集はクレリックでヒーラーなので攻撃職の俺が討伐する。植物を倒すと目には見えないが経験値が手に入りスキルが覚えられるらしい。
...タチ悪いけど経験値は美味いな。悔しい。なんか悔しい。
食肉植物を倒し始めてから1時間くらいが経った頃。
「そろそろいいんじゃないか?」
「もうちょっと奥に行ってみよー!」
そう言って集が森の奥へと走って行った。
「ちょっと待てって!」
急ぐと危ないからっ!!
先に奥へと行った集を追って行くと直径100メートルはあろうかという開けた場所にでた。

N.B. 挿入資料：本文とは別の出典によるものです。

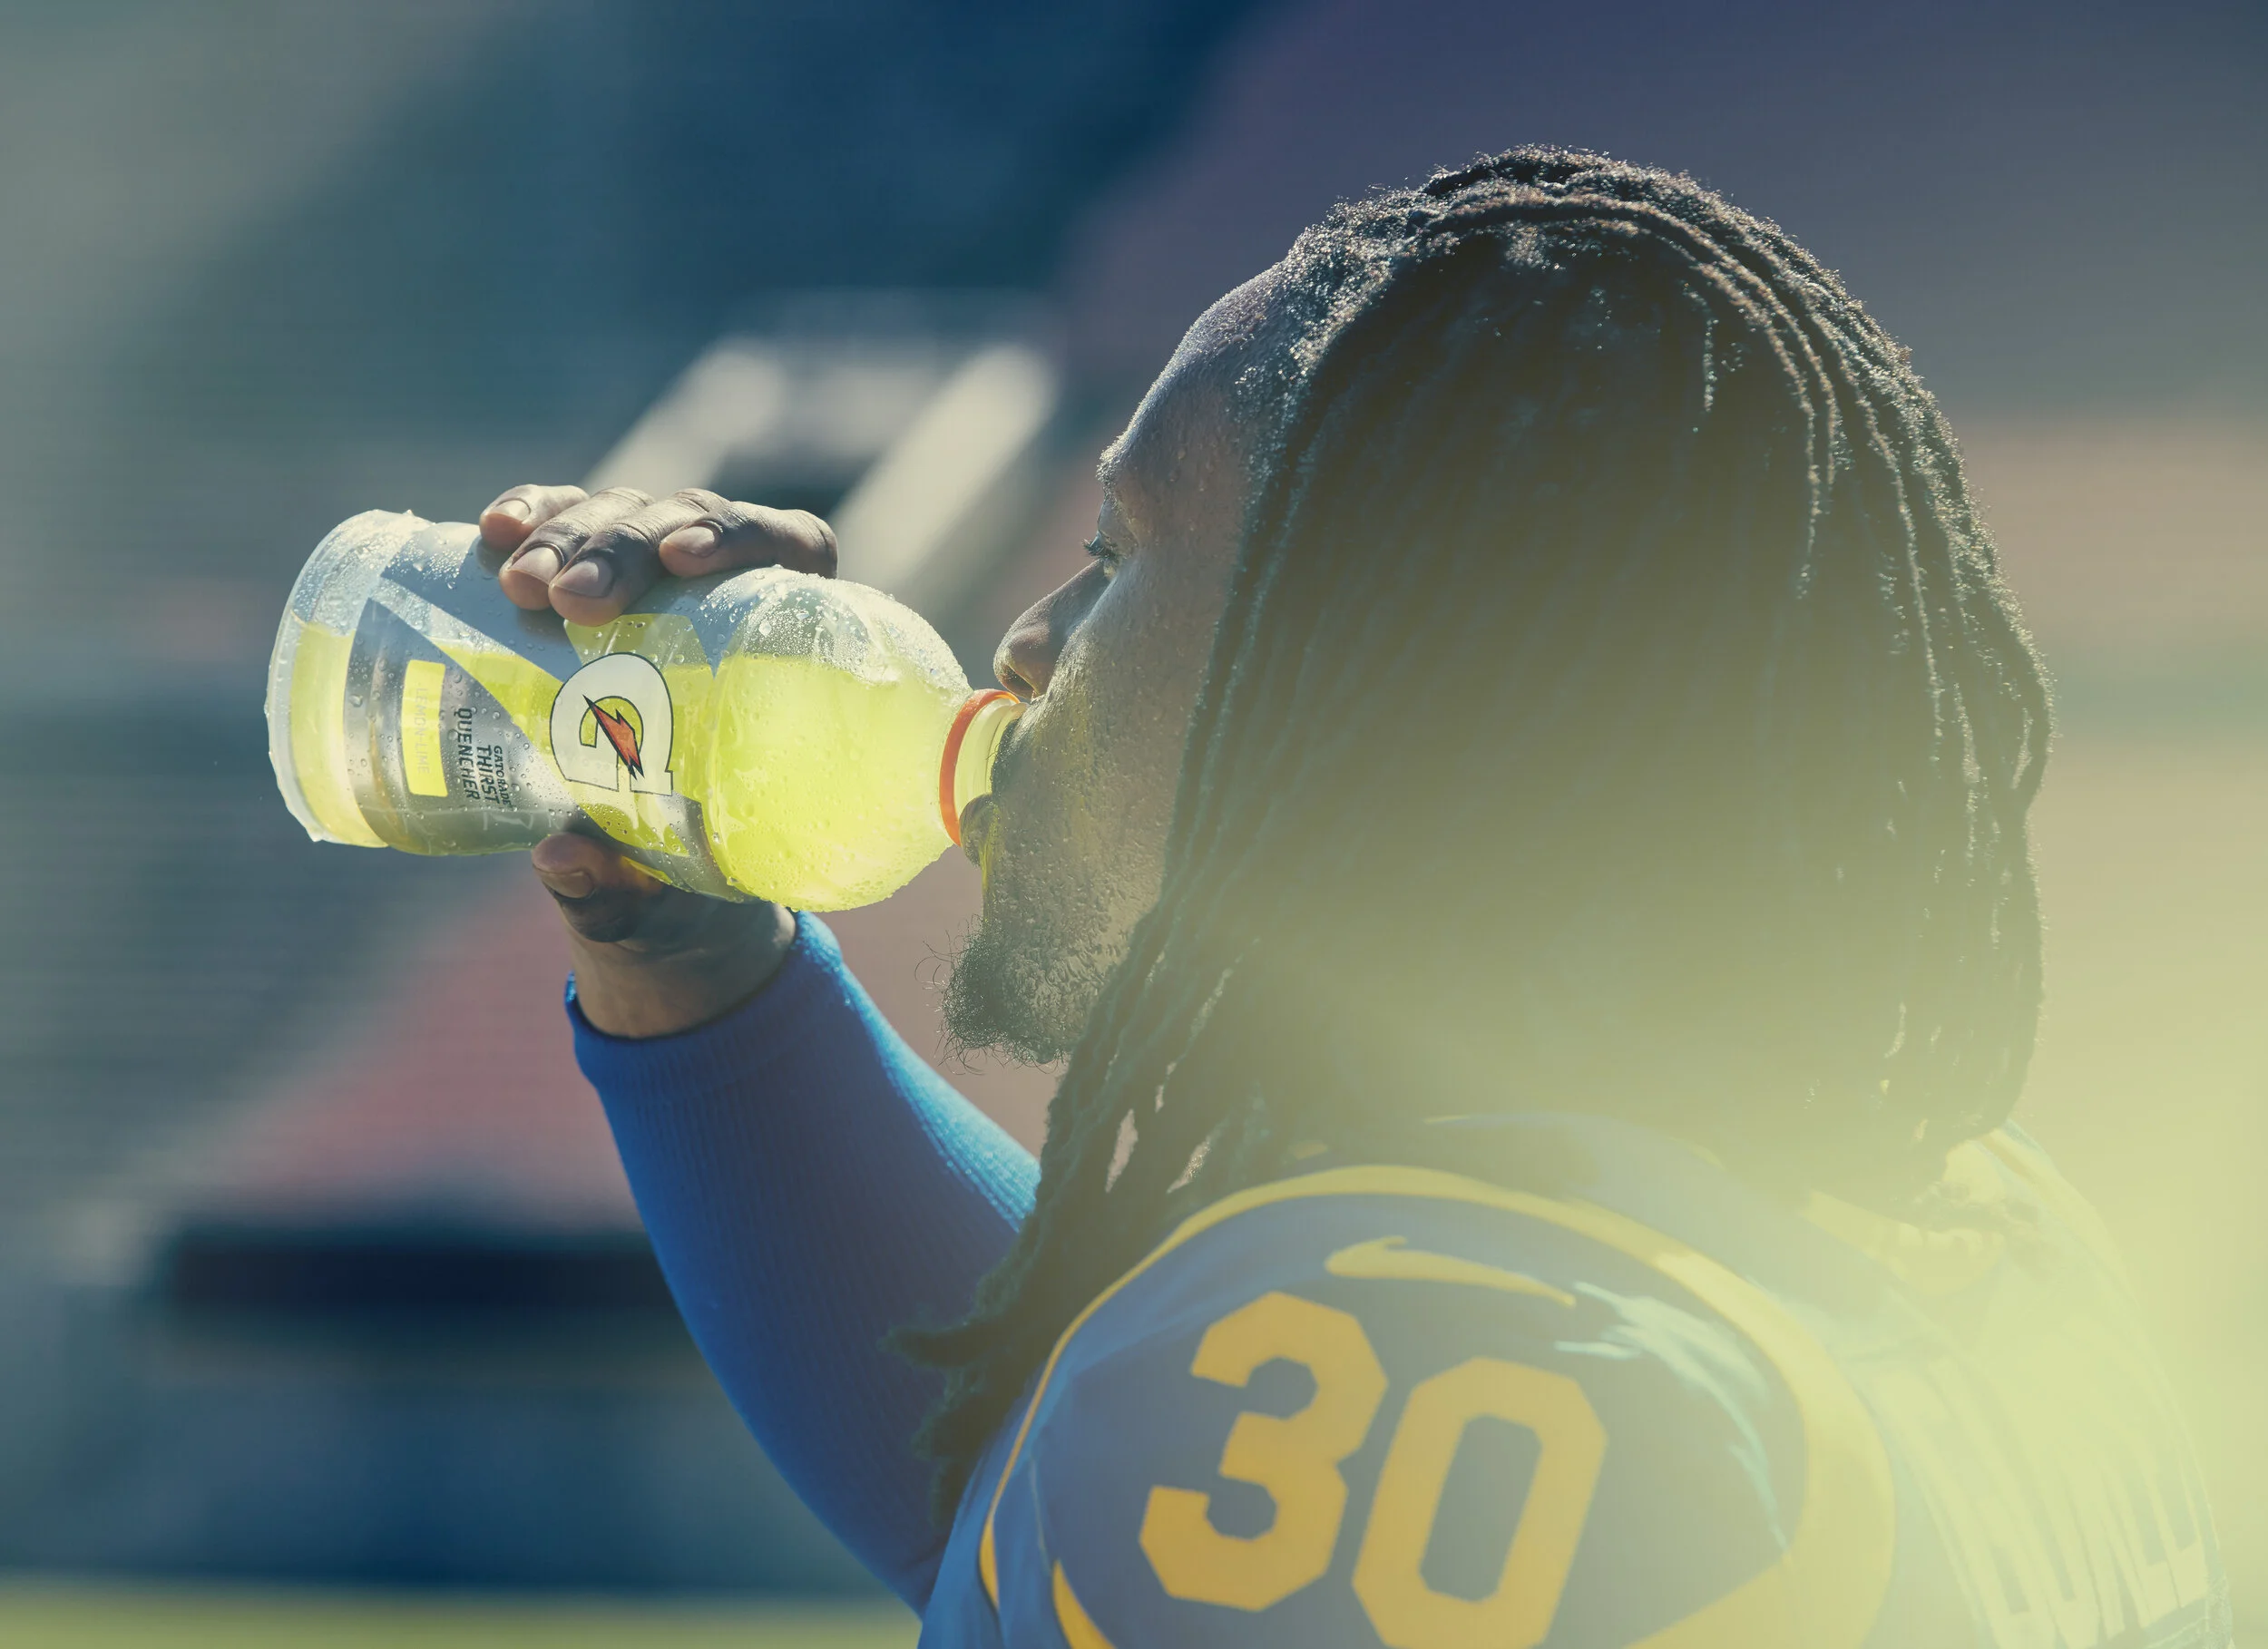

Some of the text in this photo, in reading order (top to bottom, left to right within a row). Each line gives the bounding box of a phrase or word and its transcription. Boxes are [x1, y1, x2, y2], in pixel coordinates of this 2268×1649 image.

[414, 688, 430, 774] LEMON-LIME
[454, 707, 481, 801] QUENCHER
[476, 745, 500, 804] THIRST
[494, 745, 513, 806] GATORADE
[1139, 1290, 1608, 1649] 30
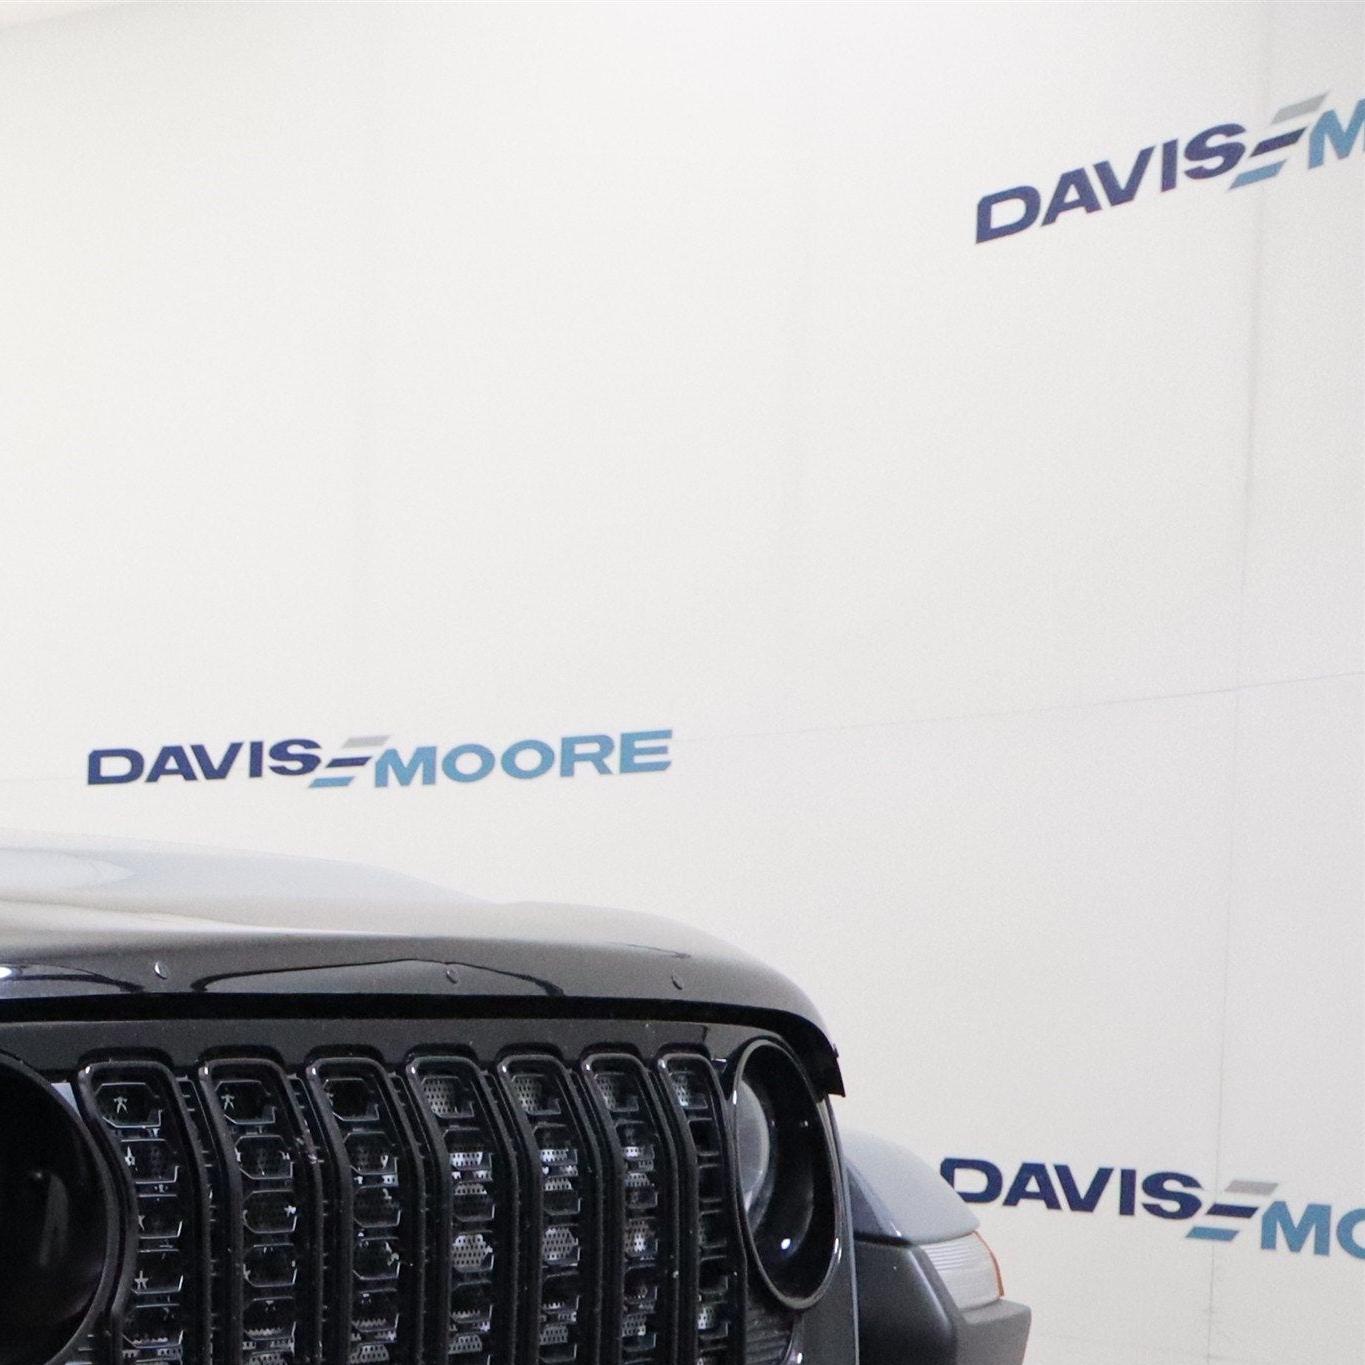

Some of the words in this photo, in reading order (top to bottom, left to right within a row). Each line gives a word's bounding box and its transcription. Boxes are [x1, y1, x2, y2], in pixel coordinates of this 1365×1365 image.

[975, 123, 1246, 244] DAVIS
[87, 737, 322, 786] DAVIS
[375, 729, 674, 788] MOORE
[939, 1157, 1204, 1220] DAVIS
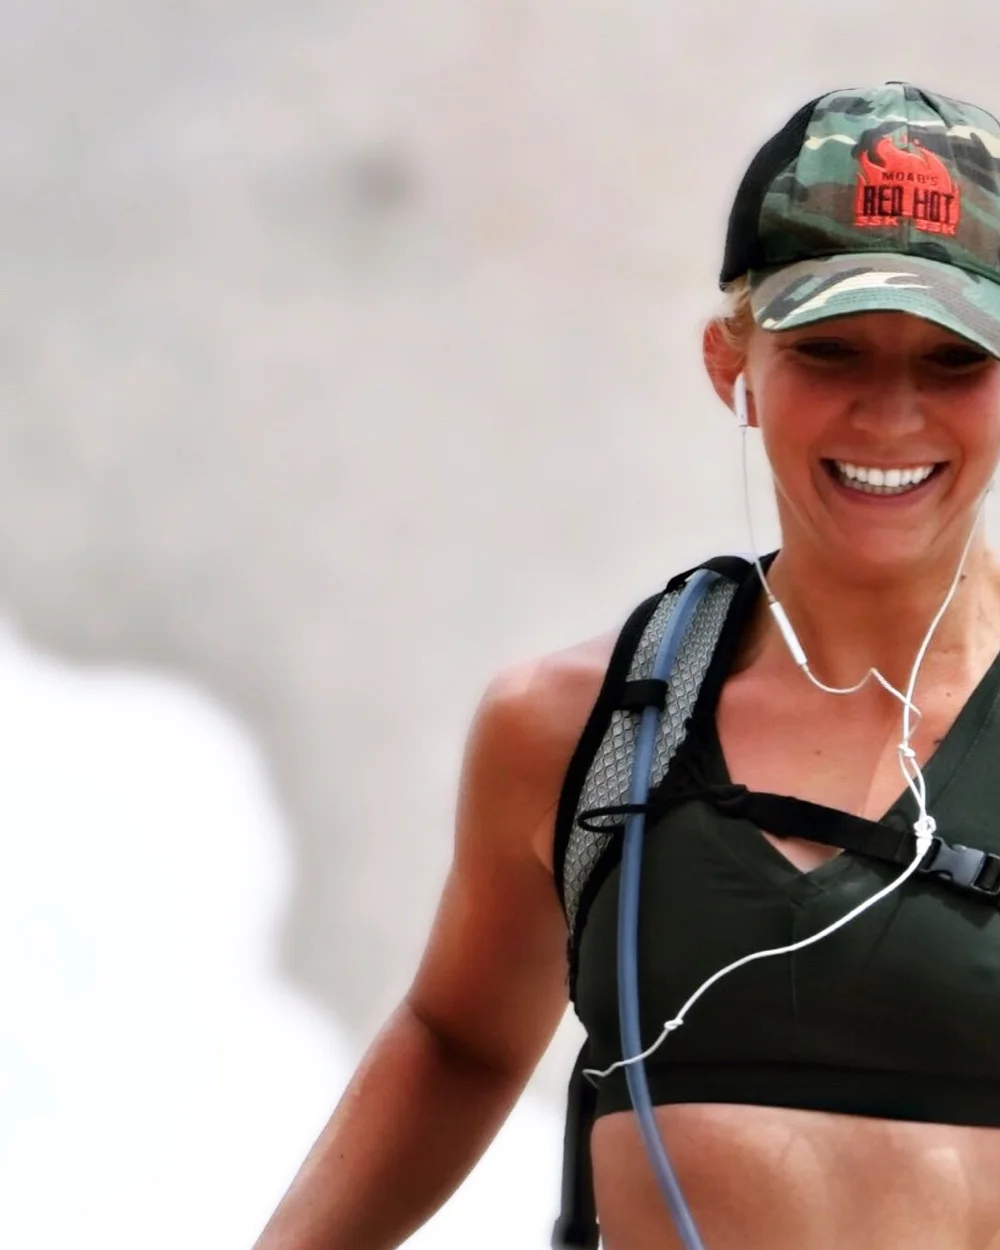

そこの地面には草が生えておらず、硬い土に覆われていた。
「くうーあれなんだろ?」
集が、指をさした場所は開けた場所の中心、そこにはとても大きな植物が生えていた。
...なんだあれ?でかいな。
「食肉植物にしてはでかいよな?」
「近づいてみるねー!」
「危ないから行くなって!」
俺が言うよりも先に集が近づいて行ってしまったので仕方なく俺は後を追いかけた。
行くなって言ってんのに!
俺らが近づいた瞬間、それは動いた。
「くう、これって……」
「ああ、これは……」
2メートルもする大きな植物は食肉植物のボスだった。
.....死ぬっ!死ぬっ!流石に死ぬっ!
そいつは、俺らに気がつくと10本もの触手を勢いよく伸ばしてきた。
目にも止まらぬ速さで向かってきた触手をとっさに剣でガードする。
………やばい!やばい!俺たちじゃ死ぬ!これは強いッ!!
「くうー!どうする!?」
「もちろん、逃げる!!」
剣でガードしていた触手を上に弾いて切り落とした。
逃げようとして、元来た道に戻ろうとした。
その時だった。地面から触手が突き出て木と木の間を触手で絡んで出口を塞がれてしまった。
……これはまじでやばいっ!逃げられねぇ!
「くうー!やばいよ!」
「わかってる!」
いくら木と木の間を塞いでいる触手を切ってもすぐに切り口から再生されてしまう。
くそッ!なんだこいつ!再生されたらまじで逃げられねぇ!
その時、ドンッ!と大きな音が鳴った。
音の鳴った方を見ると集が木に叩きつけられていた。
...なっ!?
「集ッ!!」
……嘘だろ。くそッたれ!
すぐに集に駆け寄った。幸い集に大きな傷はないが意識が朦朧としていた。
とりあえず安心したがこのままでは危ない。どうにかして逃げないと。
「うぅ、くうごめん。」
「大丈夫。俺が守ってみせる。」
コクリと頷いて集は気絶した。
.....集だけは守らないと。
目の前には開けた場所の真ん中にいる凶暴で俺らが勝てるのが難しい食肉植物が触手を構えていた。
この時改めて俺は異世界で生きることの厳しさを知った。